Moldova’s parliament last month approved a new defence strategy identifying Russia and corruption as the two biggest threats to the country’s security. The EU last month agreed to open talks on membership with Moldova and Ukraine.

Igor Zaharov, press secretary for Moldova’s Foreign Ministry, said officials barred entry to Moscow included a member of the presidential staff, government officials and journalists.

“Moldova maintains its firm commitment to act against foreign interference and any actions destabilising Moldova’s security and sovereignty,” Zaharov said in a statement.

Moldova, he said, regretted the Russian action, “but it is important to note that such measures have long become a routine phenomenon for Russian authorities.”

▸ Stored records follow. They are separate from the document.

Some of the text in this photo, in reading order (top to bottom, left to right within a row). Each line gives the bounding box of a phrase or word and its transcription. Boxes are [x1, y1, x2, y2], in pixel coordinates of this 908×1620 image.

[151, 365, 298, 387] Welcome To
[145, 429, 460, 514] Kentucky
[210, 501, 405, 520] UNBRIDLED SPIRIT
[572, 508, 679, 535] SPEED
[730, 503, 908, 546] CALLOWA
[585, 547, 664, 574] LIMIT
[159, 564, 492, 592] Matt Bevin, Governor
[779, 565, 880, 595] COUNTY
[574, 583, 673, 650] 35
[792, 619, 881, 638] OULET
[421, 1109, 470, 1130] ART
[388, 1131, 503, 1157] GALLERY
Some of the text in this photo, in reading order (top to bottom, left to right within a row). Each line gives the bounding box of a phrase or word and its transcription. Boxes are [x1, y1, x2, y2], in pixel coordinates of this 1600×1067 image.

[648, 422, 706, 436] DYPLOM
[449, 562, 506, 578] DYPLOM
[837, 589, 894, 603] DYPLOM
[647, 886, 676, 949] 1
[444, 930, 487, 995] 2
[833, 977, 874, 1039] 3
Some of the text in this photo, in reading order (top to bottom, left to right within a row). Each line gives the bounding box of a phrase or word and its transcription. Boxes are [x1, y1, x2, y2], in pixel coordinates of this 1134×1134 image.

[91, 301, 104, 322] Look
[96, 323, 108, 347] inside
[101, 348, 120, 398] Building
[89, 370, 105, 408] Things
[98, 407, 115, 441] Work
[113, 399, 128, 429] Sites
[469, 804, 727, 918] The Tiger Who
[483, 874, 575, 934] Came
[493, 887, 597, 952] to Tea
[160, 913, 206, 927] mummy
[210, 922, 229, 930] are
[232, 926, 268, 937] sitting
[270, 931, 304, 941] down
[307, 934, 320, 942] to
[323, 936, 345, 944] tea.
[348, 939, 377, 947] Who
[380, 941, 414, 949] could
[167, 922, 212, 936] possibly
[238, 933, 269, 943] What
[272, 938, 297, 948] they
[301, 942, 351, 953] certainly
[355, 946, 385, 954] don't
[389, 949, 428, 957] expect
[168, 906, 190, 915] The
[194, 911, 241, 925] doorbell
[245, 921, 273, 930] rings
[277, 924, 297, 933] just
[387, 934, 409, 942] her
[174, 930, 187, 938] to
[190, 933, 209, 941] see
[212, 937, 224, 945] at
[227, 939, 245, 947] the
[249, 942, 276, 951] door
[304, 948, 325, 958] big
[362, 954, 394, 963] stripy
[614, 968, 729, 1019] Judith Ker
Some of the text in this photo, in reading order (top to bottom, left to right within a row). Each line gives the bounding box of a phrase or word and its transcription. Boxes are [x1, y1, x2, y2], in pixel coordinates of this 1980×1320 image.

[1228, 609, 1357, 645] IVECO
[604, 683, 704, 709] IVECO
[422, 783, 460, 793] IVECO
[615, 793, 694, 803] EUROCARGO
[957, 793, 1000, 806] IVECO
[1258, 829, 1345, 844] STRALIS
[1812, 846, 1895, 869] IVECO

Russia similarly barred a number of Moldovan nationals

last November, particularly in response to reporting conducted by Russian media in the country.

Moscow authorities last month also banned imports of Moldovan fruit and vegetables, key exports for one of Europe’s poorest countries.

Moldovan authorities earlier on Wednesday extended a ban imposed last year on 12 television channels, saying the media outlets engaged in “manipulation, disinformation and promotion of a foreign agenda”.

Moldovan authorities blocked several politicians representing a banned party with pro-Russian views from taking part in last November’s local elections.